* [WHAT TO PRODUCE] Only the pictures are dropped; the lines of the material that follow are returned exactly.

* [MATERIAL FOR THE TASK]
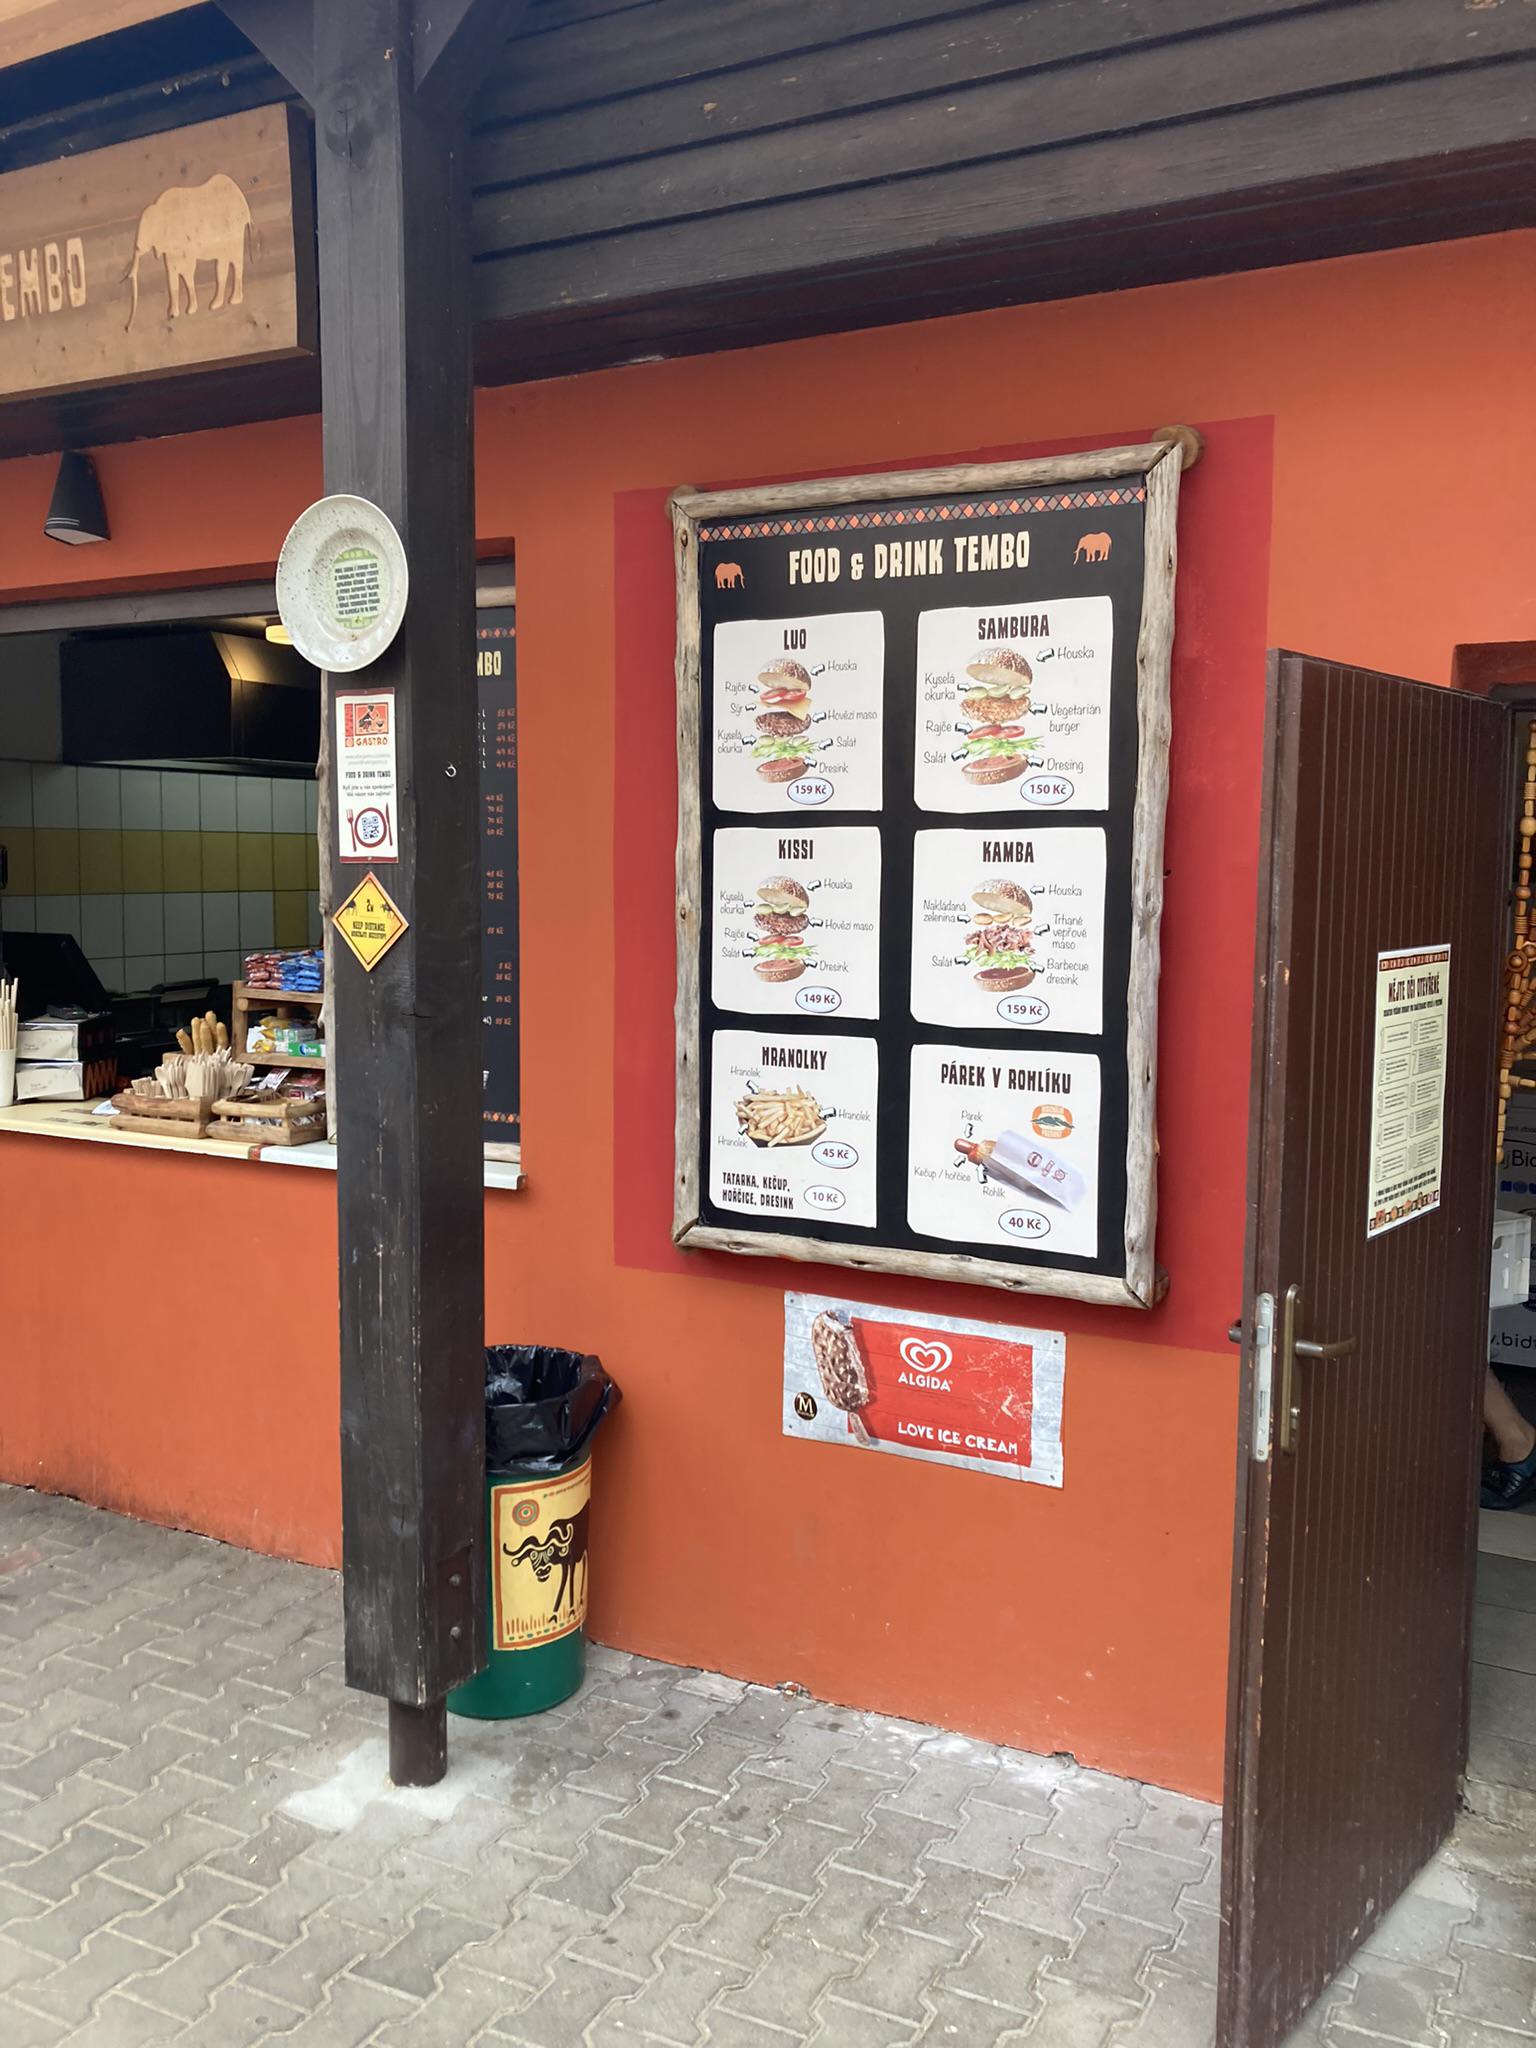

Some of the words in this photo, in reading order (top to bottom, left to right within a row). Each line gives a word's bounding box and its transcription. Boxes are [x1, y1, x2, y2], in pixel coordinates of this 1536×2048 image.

[790, 548, 840, 585] FOOD
[851, 553, 864, 580] &
[875, 539, 943, 579] DRINK
[954, 531, 1030, 574] TEMBO
[978, 614, 1049, 640] SAMBURA
[784, 629, 806, 650] LUO
[1057, 647, 1094, 660] Houska
[828, 660, 857, 671] Houska
[925, 673, 955, 686] Kyselá
[725, 681, 746, 694] Rajče
[925, 689, 955, 701] okurka
[730, 704, 742, 715] Sýr
[828, 709, 854, 720] Hovězí
[856, 712, 878, 720] maso
[1050, 704, 1101, 717] Vegetarián
[926, 720, 952, 734] Rajče
[1049, 721, 1080, 733] burger
[356, 737, 387, 746] GASTRO
[837, 737, 856, 747] Salát
[717, 742, 742, 754] okurka
[924, 752, 946, 764] Salát
[819, 763, 848, 774] Dresink
[1047, 759, 1084, 773] Dresing
[795, 785, 812, 795] 159
[815, 784, 827, 795] Kč
[1030, 784, 1050, 795] 150
[1053, 784, 1066, 795] Kč
[779, 839, 814, 860] KISSI
[983, 841, 1034, 863] KAMBA
[824, 879, 852, 890] Houska
[1049, 884, 1082, 896] Houska
[720, 904, 744, 915] okurka
[923, 900, 966, 913] Nakládaná
[923, 912, 956, 923] zelenina
[1053, 913, 1083, 925] Trhané
[825, 920, 851, 931] Hovězí
[853, 923, 873, 931] maso
[724, 928, 745, 940] Rajče
[1053, 926, 1087, 939] vepřové
[1052, 940, 1076, 950] maso
[722, 947, 740, 958] Salát
[820, 960, 848, 972] Dresink
[932, 956, 953, 968] Salát
[1047, 958, 1089, 972] Barbecue
[1046, 973, 1078, 985] dresink
[803, 994, 821, 1005] 149
[824, 994, 835, 1005] Kč
[1007, 1004, 1026, 1015] 159
[1029, 1004, 1043, 1016] Kč
[762, 1046, 827, 1071] HRANOLKY
[730, 1066, 761, 1078] Hranolek
[941, 1061, 985, 1088] PÁREK
[993, 1068, 1001, 1089] V
[1008, 1067, 1071, 1095] ROHLÍKU
[839, 1109, 871, 1121] Hranolek
[962, 1109, 983, 1121] Párek
[718, 1136, 747, 1148] Hranolek
[822, 1148, 835, 1159] 45
[837, 1149, 849, 1160] Kč
[914, 1166, 938, 1179] Kečup
[812, 1191, 824, 1202] 10
[826, 1192, 838, 1204] Kč
[983, 1185, 1006, 1198] Rohlík
[760, 1194, 794, 1210] DRESINK
[1009, 1216, 1023, 1229] 40
[1026, 1217, 1041, 1231] Kč
[898, 1372, 951, 1392] ALGIDA
[800, 1396, 813, 1413] M
[898, 1422, 933, 1440] LOVE
[938, 1429, 960, 1445] ICE
[965, 1435, 1017, 1455] CREAM

* [SOLUTION TO THE PROBLEM]
Some of the words in this photo, in reading order (top to bottom, left to right within a row). Each line gives a word's bounding box and its transcription. Boxes are [x1, y1, x2, y2], in pixel coordinates of this 1536×2048 image.

[790, 548, 840, 585] FOOD
[851, 553, 864, 580] &
[875, 539, 943, 579] DRINK
[954, 531, 1030, 574] TEMBO
[978, 614, 1049, 640] SAMBURA
[784, 629, 806, 650] LUO
[1057, 647, 1094, 660] Houska
[828, 660, 857, 671] Houska
[925, 673, 955, 686] Kyselá
[725, 681, 746, 694] Rajče
[925, 689, 955, 701] okurka
[730, 704, 742, 715] Sýr
[828, 709, 854, 720] Hovězí
[856, 712, 878, 720] maso
[1050, 704, 1101, 717] Vegetarián
[926, 720, 952, 734] Rajče
[1049, 721, 1080, 733] burger
[356, 737, 387, 746] GASTRO
[837, 737, 856, 747] Salát
[717, 742, 742, 754] okurka
[924, 752, 946, 764] Salát
[819, 763, 848, 774] Dresink
[1047, 759, 1084, 773] Dresing
[795, 785, 812, 795] 159
[815, 784, 827, 795] Kč
[1030, 784, 1050, 795] 150
[1053, 784, 1066, 795] Kč
[779, 839, 814, 860] KISSI
[983, 841, 1034, 863] KAMBA
[824, 879, 852, 890] Houska
[1049, 884, 1082, 896] Houska
[720, 904, 744, 915] okurka
[923, 900, 966, 913] Nakládaná
[923, 912, 956, 923] zelenina
[1053, 913, 1083, 925] Trhané
[825, 920, 851, 931] Hovězí
[853, 923, 873, 931] maso
[724, 928, 745, 940] Rajče
[1053, 926, 1087, 939] vepřové
[1052, 940, 1076, 950] maso
[722, 947, 740, 958] Salát
[820, 960, 848, 972] Dresink
[932, 956, 953, 968] Salát
[1047, 958, 1089, 972] Barbecue
[1046, 973, 1078, 985] dresink
[803, 994, 821, 1005] 149
[824, 994, 835, 1005] Kč
[1007, 1004, 1026, 1015] 159
[1029, 1004, 1043, 1016] Kč
[762, 1046, 827, 1071] HRANOLKY
[730, 1066, 761, 1078] Hranolek
[941, 1061, 985, 1088] PÁREK
[993, 1068, 1001, 1089] V
[1008, 1067, 1071, 1095] ROHLÍKU
[839, 1109, 871, 1121] Hranolek
[962, 1109, 983, 1121] Párek
[718, 1136, 747, 1148] Hranolek
[822, 1148, 835, 1159] 45
[837, 1149, 849, 1160] Kč
[914, 1166, 938, 1179] Kečup
[812, 1191, 824, 1202] 10
[826, 1192, 838, 1204] Kč
[983, 1185, 1006, 1198] Rohlík
[760, 1194, 794, 1210] DRESINK
[1009, 1216, 1023, 1229] 40
[1026, 1217, 1041, 1231] Kč
[898, 1372, 951, 1392] ALGIDA
[800, 1396, 813, 1413] M
[898, 1422, 933, 1440] LOVE
[938, 1429, 960, 1445] ICE
[965, 1435, 1017, 1455] CREAM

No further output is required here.